Try it: Transcribe all data verbatim. Skip the pictures.

Listed entries:
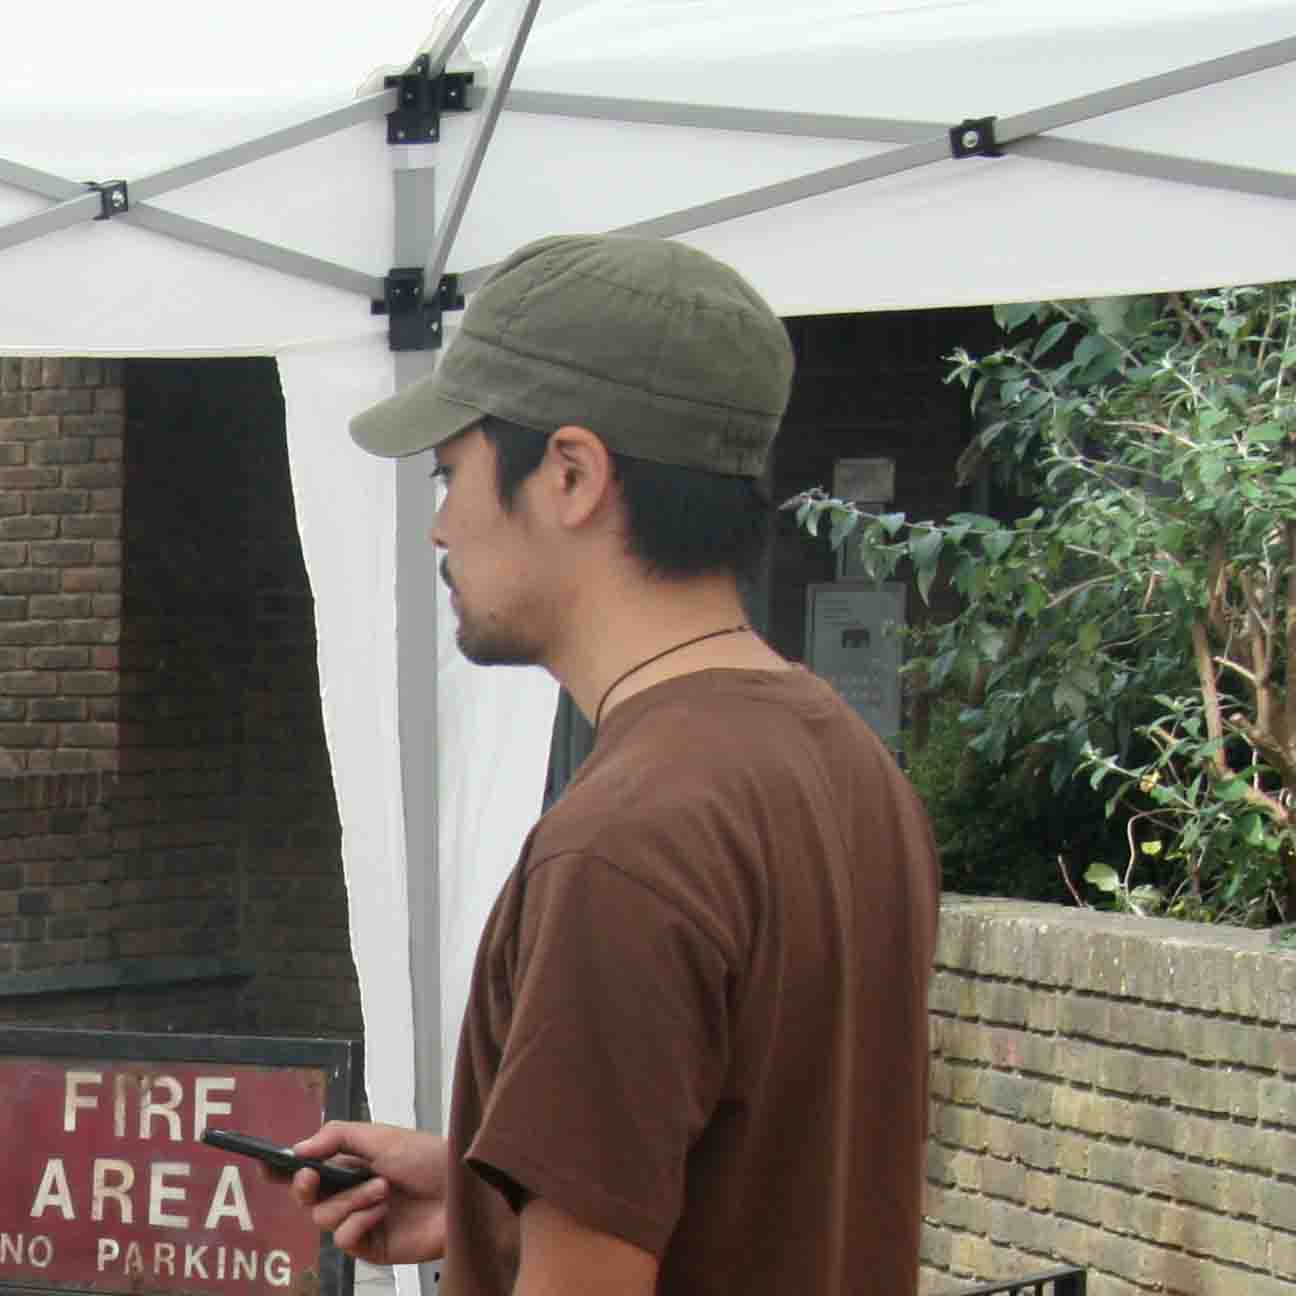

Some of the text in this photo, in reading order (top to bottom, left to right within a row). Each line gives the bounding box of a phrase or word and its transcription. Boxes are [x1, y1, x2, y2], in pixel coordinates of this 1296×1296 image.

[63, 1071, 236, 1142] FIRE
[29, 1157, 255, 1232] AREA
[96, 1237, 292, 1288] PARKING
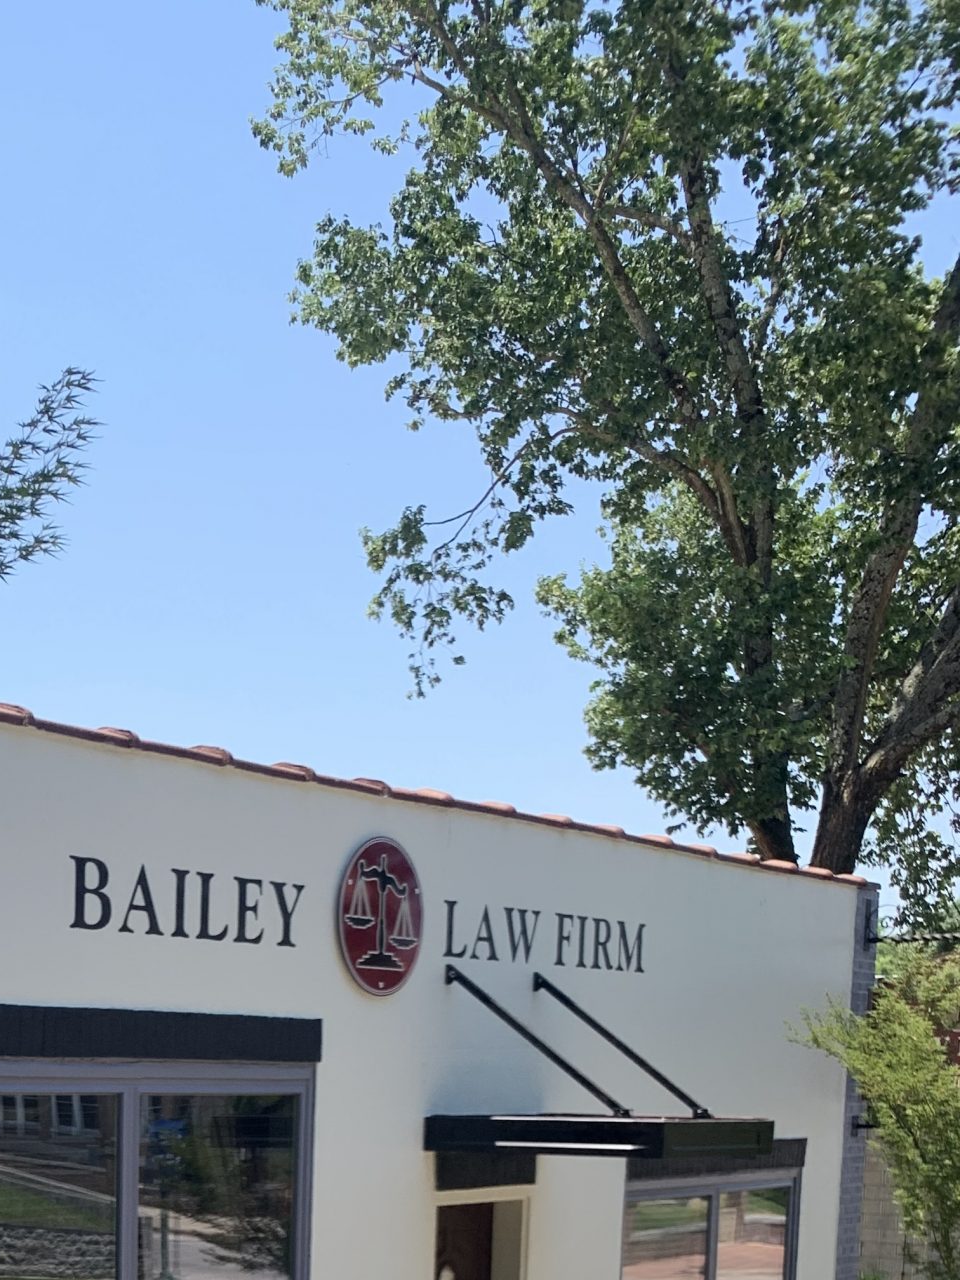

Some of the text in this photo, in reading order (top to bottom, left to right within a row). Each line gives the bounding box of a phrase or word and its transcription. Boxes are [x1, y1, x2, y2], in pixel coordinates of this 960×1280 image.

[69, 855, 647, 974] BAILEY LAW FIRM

Response box:
Some of the text in this photo, in reading order (top to bottom, left to right within a row). Each line gives the bounding box of a phrase or word and its transcription. Boxes are [x1, y1, x2, y2], in pixel coordinates of this 1296×1296 image.

[63, 1071, 236, 1142] FIRE
[29, 1157, 255, 1232] AREA
[96, 1237, 292, 1288] PARKING

Some of the text in this photo, in reading order (top to bottom, left to right within a row). Each line gives the bounding box of a phrase or word and its transcription. Boxes are [x1, y1, x2, y2], in pixel coordinates of this 960×1280 image.

[69, 855, 647, 974] BAILEY LAW FIRM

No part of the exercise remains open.